Can breathing support using continuous positive airway pressure (CPAP), given within the first hour of life, prevent death and illness in premature babies?

Key messages

Premature babies given breathing support within the first hour of life with continuous positive airway pressure (CPAP) – where air is pushed into the baby’s nose at a constant pressure and the baby breathes by itself – compared to oxygen alone, may be less likely to be put on a ventilator - where a tube is inserted into the baby’s lungs and a machine breathes for the baby.

CPAP in the first hour after birth compared to a ventilator probably leads to less lung damage, fewer deaths, and less need for babies to be put on a ventilator.

One small study looked at the effect of the timing of CPAP after birth (up to 15 minutes compared to up to 1 hour), so there was not enough evidence to make a judgement regarding timing.

What is continuous positive airway pressure?

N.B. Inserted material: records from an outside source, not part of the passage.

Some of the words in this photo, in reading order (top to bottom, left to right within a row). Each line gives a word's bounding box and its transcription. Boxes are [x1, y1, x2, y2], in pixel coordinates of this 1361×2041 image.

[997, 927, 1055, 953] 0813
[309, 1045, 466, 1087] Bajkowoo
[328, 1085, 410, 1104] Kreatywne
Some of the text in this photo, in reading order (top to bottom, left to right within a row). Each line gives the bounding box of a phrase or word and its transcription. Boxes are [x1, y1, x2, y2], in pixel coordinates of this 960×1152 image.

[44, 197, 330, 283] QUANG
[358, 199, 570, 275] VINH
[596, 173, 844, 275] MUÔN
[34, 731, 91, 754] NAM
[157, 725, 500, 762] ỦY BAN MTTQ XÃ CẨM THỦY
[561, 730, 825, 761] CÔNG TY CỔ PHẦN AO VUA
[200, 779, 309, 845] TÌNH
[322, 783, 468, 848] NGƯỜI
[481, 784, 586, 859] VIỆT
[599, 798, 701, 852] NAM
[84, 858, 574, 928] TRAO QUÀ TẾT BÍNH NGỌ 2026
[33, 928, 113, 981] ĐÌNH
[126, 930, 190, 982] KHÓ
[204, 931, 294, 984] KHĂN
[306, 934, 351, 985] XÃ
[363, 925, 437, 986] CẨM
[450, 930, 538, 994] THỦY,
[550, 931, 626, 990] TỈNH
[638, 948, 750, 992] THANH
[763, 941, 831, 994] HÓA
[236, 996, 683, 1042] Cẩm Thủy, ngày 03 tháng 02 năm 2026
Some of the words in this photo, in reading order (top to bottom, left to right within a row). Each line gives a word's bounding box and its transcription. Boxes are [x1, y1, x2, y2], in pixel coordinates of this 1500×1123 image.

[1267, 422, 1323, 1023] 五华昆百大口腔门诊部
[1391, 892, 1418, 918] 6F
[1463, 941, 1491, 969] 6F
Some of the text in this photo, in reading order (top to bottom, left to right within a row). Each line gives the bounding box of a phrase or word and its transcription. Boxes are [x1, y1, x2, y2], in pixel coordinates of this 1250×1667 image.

Continuous positive airway pressure (CPAP) helps people with breathing difficulties by pushing air into their lungs through the nose at a constant pressure. Air is delivered through a mask that fits over the nose, or prongs that sit in the nostrils. CPAP is less invasive than mechanical ventilation, when a tube is put down the throat into the lungs and a machine (a ventilator) ‘breathes’ for the patient. CPAP provides more breathing support than just giving oxygen. 

How does CPAP help premature babies?

Premature babies are those babies born before 37 weeks of development (gestation). They may have trouble breathing because their lungs are not fully developed. This is called ‘respiratory distress syndrome’ (RDS). Premature babies with non-severe RDS may be treated with warmth, fluids, calories, and oxygen. Babies with severe RDS are given breathing support with CPAP or a ventilator. Babies breathe by themselves with CPAP, but the pressure of the stream of air that CPAP delivers keeps the baby’s airways open between breaths. Babies on CPAP avoid being put on ventilators, which can cause lung damage, such as bronchopulmonary dysplasia (BPD).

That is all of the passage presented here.